New Voice App Take Kids on Lucky Charms Branded Audio Adventure
Lucky Charms mascot Lucky the Leprechaun is asking kids to help save magic by using Alexa and Google Assistant as gateways to a free interactive audio story called Lucky’s Magical Mission. Voice experience developer SpokenLayer and marketing firm Mindshare created the original story for General Mills, marking another step in how brands are experimenting with voice technology for marketing and brand awareness.
Magically Delicious
“Lucky is told by the Wise Old Wizard Tree in the Magical Forest that magic is disappearing so he’ll need to travel to each of the 8 charm lands,” the app begins. “Once he’s there, he’ll need your help and imagination to save magic”
Fans of marshmallow-filled cereal and Irish stereotypes can explore the entire extended Lucky Charms universe through the eight charm lands, each representing one of the marshmallow shapes in the cereal.

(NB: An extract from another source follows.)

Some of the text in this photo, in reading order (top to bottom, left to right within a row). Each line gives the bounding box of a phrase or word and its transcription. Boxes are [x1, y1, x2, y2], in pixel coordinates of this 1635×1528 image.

The interactive aspect comes into play after the introductory chapter when the child can pick which land they want to go to first. They can choose among the remaining lands as they complete each subsequent mission before the concluding chapter begins. The ten chapters are also available in the form of podcasts on Spotify, Google Podcasts, and Apple Podcasts, although it becomes linear, without the interactive element in that case. SpokenLayer conceived and wrote the story, bringing in some of its stable of voice actors to perform the roles. A keen ear may detect a variation on Lucky’s accent, but the story moves along quickly and has several original characters.

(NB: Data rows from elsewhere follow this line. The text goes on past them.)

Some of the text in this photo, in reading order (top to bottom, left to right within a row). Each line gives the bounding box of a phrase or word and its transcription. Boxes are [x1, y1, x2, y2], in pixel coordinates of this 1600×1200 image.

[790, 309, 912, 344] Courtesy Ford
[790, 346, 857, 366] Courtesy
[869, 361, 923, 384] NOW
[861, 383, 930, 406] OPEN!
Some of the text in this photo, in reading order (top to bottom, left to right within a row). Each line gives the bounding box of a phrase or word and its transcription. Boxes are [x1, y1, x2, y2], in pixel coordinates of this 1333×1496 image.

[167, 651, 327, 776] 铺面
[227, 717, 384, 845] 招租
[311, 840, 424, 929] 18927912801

This is actually the second Lucky Charms voice app this year. For Saint Patrick’s Day, the company debuted an interactive choose-your-own-adventure story called The Story of Lucky Charms. General Mills worked with interactive production studio Xandra and Amazon to create the story skill, limiting it to Alexa devices. Lucky’s Magical Mission is more ecumenical in its distribution and is free on every platform. The voice app is purely a branding exercise rather than an explicit prelude to commerce.
Market Voice
Using voice assistants for marketing purposes usually means offering samples as Coca-Cola or DKNY have done with their voice apps. Focusing just on brand promotion is slowly gaining in popularity, and the award-winning Westworld: The Maze voice app points to the quality of some of them. For products that aren’t media, there are plenty of options to try out. The Nutella Creations voice app takes a more direct approach to raise awareness of its hazelnut spread. Launching first for Alexa before expanding to Google Assistant. It combines recipes and guides for using Nutella, including dinosaur pancake recipes. Google Assistant users can also play four memory games related to Nutella designed to help people remember things about the spread, especially kids. Both the Google Assistant and Alexa voice apps were built in a partnership with voice app creation agency Skilled Creative.

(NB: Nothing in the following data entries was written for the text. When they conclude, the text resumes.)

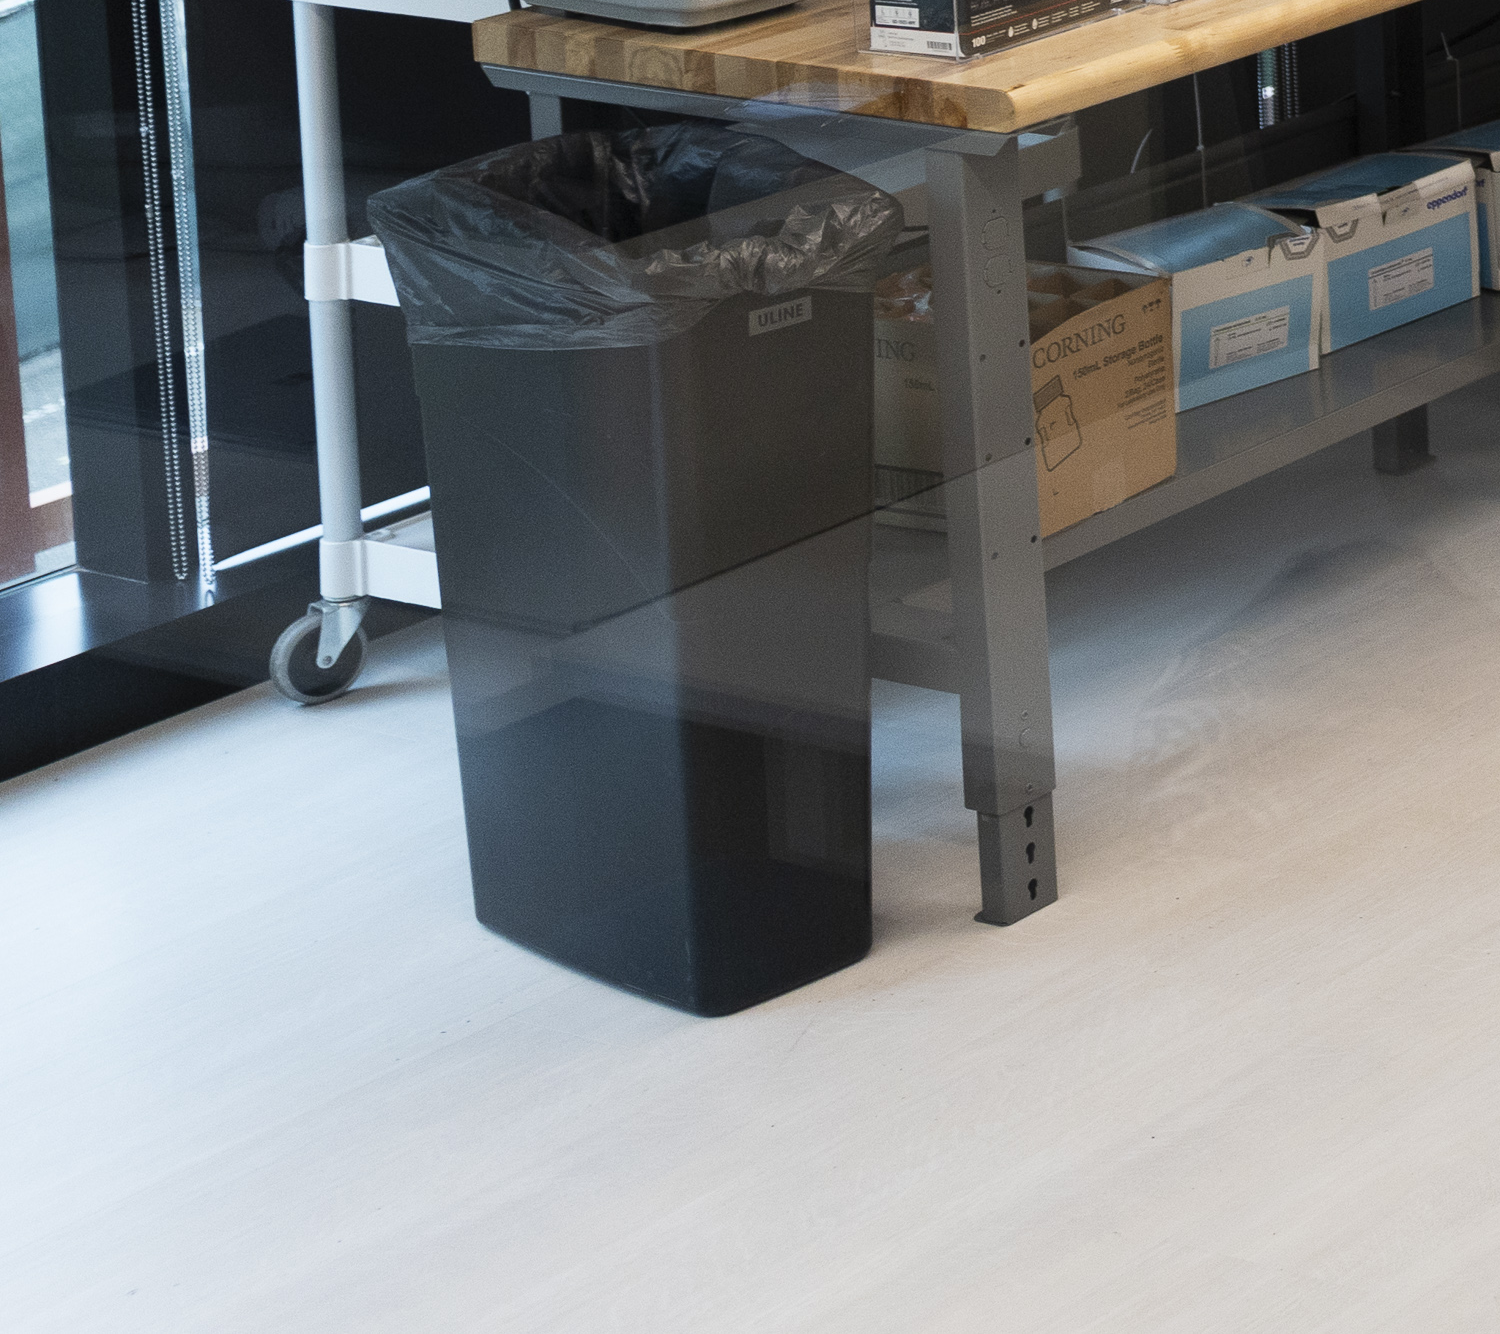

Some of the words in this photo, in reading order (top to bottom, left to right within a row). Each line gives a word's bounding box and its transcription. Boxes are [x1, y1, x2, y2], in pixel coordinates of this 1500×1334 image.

[971, 35, 986, 48] 100
[1426, 186, 1469, 211] eppendorf
[757, 302, 804, 328] ULINE
[1032, 313, 1127, 369] CORNING
[1102, 346, 1138, 368] Storage
[1137, 333, 1164, 353] Bottle

Pastry brand MoonPie, meanwhile, went for a more abstract marketing attempt, offering to make the brand a roommate with the MoonPie MoonMate skill. The virtual roommate includes a full database of MoonPie recipes and factual information about the brand along with a lot of jokes, philosophical comments, and slightly off-kilter compliments. The voice app can also access Alexa’s base skills to answer straightforward questions about the weather and similar subjects. Like social media marketing before it, voice marketing is only going to become more widespread in the near future. Some day, every kid’s cereal may have its own voice-based game and story.